Trump team distances itself from comedian’s racist rhetoric
Comedian Tony Hinchcliffe’s remarks at Trump’s Madison Square Garden rally likening Puerto Rico to a ‘floating island of garbage’ could cost the Republicans the Hispanic vote.
Donald Trump’s campaign team has sought to distance itself from a comedian who targeted Puerto Ricans with racist rhetoric at the former president’s campaign rally on Monday (AEDT).
During an appearance at Mr Trump’s rally at Madison Square Garden, comedian and podcaster Tony Hinchcliffe, likened the US island territory of Puerto Rico to a “floating island of garbage.”
Amid a fierce backlash to the comments, which came just eight days ahead of a presidential election that could be determined by the Latino vote, Mr Trump’s team released a statement saying the joke “does not reflect the views of President Trump or the campaign.”
Residents of Puerto Rico, an American island territory in the Caribbean, cannot take part in US elections but the diaspora living in the United States numbers almost six million, according to Pew Research Center, and is eligible to vote.
They could have significant sway in the critical battleground state of Pennsylvania, which has the fourth-largest concentration of Puerto Rican residents after Florida, New York and New Jersey.
“Who wants to tell these guys there are HALF A MILLION Puerto Ricans living in Battleground PA, whose votes are up for grabs?” former Trump White House aide Alyssa Farah Griffin posted on X.
During the rally, Hinchcliffe also made racist remarks about African-Americans and Hispanic immigrants’ sex lives.
Other speakers made sexist and crude remarks about Trump’s election rival, Vice President Kamala Harris, ensuring that the rhetoric upstaged Trump’s big policy rollout, a tax credit for home caregivers.
In a potent split screen, the scandal blew up as Kamala Harris was speaking at a Puerto Rican restaurant in Philadelphia, Pennsylvania’s largest city, where she outlined plans to boost the territory’s electrical grid.
Moments after Hinchcliffe’s remarks, Puerto Rican rapper Bad Bunny – one of the world’s top Hispanic celebrities – shared Ms Harris’s plan with millions of social media followers.
And Trump supporter and Republican Florida senator Rick Scott, who is in a tight race for re-election against a Latina congresswoman, was among Republican politicians and strategists who voiced anger on X.
“This joke bombed for a reason.

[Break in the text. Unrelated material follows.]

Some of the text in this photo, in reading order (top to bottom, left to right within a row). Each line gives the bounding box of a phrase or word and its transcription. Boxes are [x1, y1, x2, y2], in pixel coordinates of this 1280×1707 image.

It’s not funny and it’s not true,” he posted, while the Congressional Hispanic Caucus, which has around three dozen members, called the rally “shameful.”

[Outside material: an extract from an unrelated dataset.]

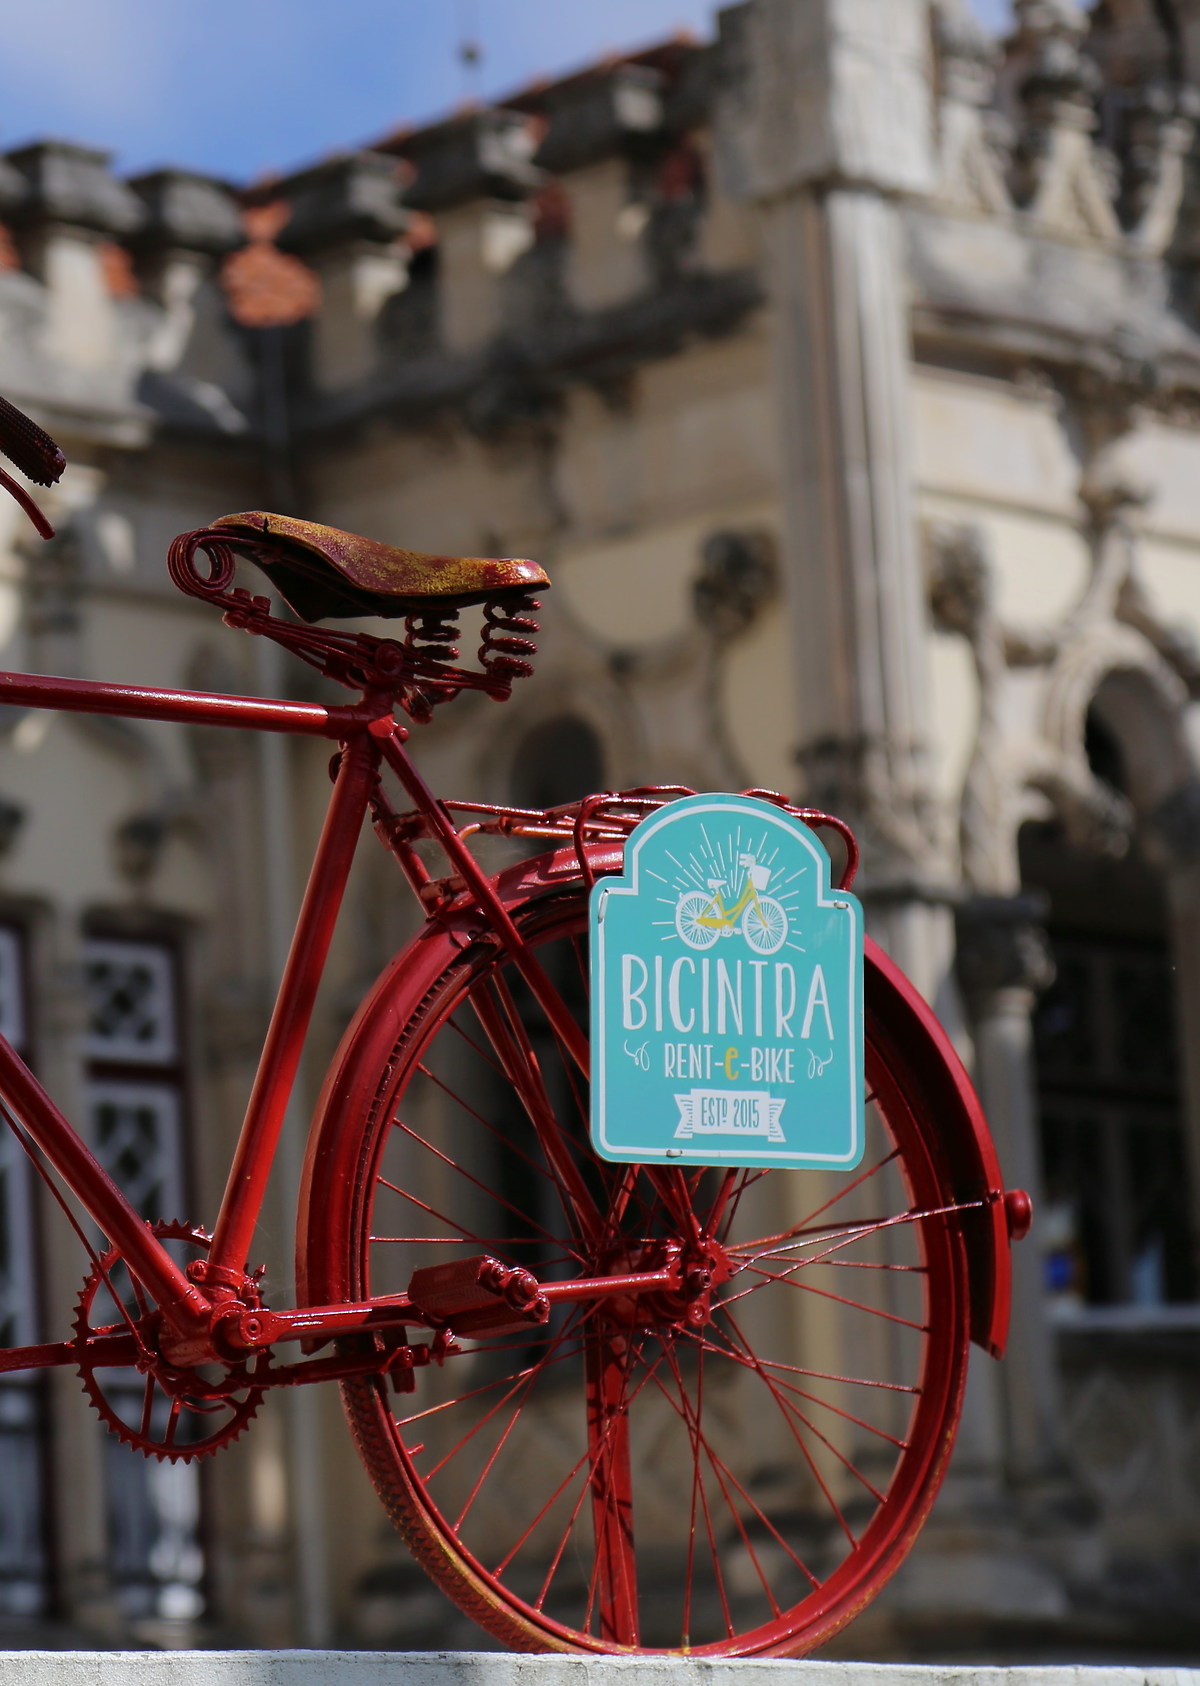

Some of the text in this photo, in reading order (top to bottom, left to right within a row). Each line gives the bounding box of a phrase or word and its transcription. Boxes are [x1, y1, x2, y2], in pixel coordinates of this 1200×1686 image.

[622, 954, 834, 1040] BICINTRA
[665, 1043, 795, 1083] RENT-e-BIKE
[733, 1099, 760, 1128] 2015

Elisa Covarrubias, 42, an activist working to get out the Latino vote in Georgia, called the Trump event a “big political mistake” and said it “makes you feel that the Republicans don’t want us here, in this country.”

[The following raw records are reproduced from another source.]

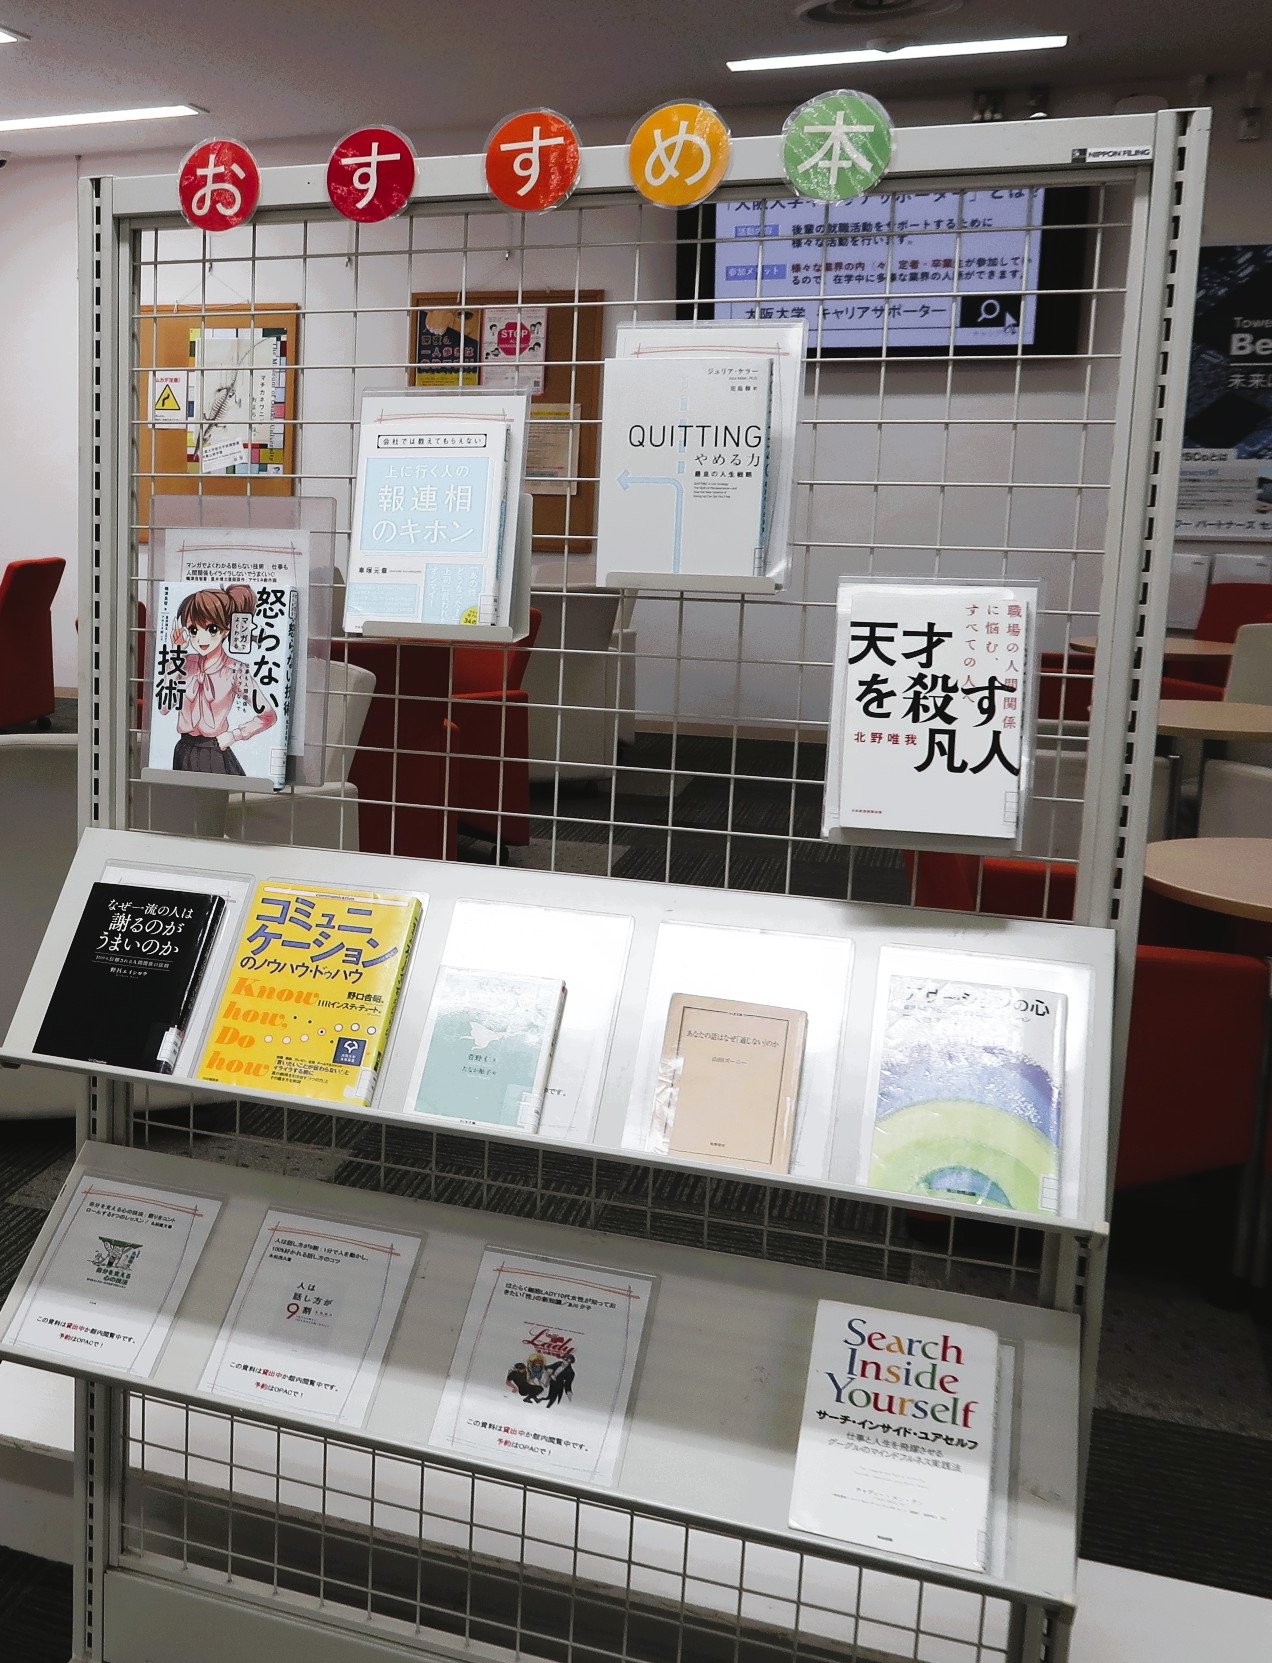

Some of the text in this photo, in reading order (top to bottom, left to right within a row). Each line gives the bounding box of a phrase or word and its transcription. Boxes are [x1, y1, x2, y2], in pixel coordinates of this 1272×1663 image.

[383, 437, 482, 446] 会社では教えてもらえない
[629, 425, 762, 448] QUITTING
[385, 464, 470, 479] 上に行く人の
[694, 453, 760, 467] やめる力
[378, 484, 472, 513] 報連相
[372, 519, 474, 545] のキホン
[252, 586, 286, 714] 怒らない
[848, 621, 953, 669] 天才
[155, 644, 188, 711] 技術
[1003, 604, 1023, 729] 職場の人間関係
[855, 672, 1017, 727] を殺す
[854, 731, 918, 746] 北野唯我
[913, 728, 1020, 776] 凡人
[108, 898, 194, 919] なぜ一流の人は
[256, 897, 373, 934] コミュニ
[108, 912, 185, 936] 謝るのが
[96, 931, 179, 956] うまいのか
[247, 923, 399, 969] ケーション
[240, 956, 364, 984] のノウハウ・ドゥハウ
[231, 977, 320, 1006] Know
[222, 1001, 288, 1029] how,
[215, 1026, 255, 1049] Do
[206, 1050, 271, 1078] how
[292, 1292, 333, 1306] 話し方が
[297, 1282, 316, 1291] 人は
[843, 1318, 965, 1365] Search
[847, 1348, 959, 1395] Inside
[825, 1371, 980, 1428] Yourself
[816, 1409, 979, 1450] サーチ・インサイド・ユアセルフ

Ms Harris, on the campaign trail in Michigan, told reporters the rally highlighted how Mr Trump is “focused, and actually fixated, on his grievances, on himself and on dividing our country.” “If he were elected, on day one he’s going to be sitting in the Oval Office, working on his enemies list,” she said.
“On day one, if I’m elected president of the United States, which I fully intend to be, I will be working on behalf of the American people on my to-do list.” Speaking to reporters as he voted Monday, President Joe Biden called the scandal “embarrassing” and “beneath a president.”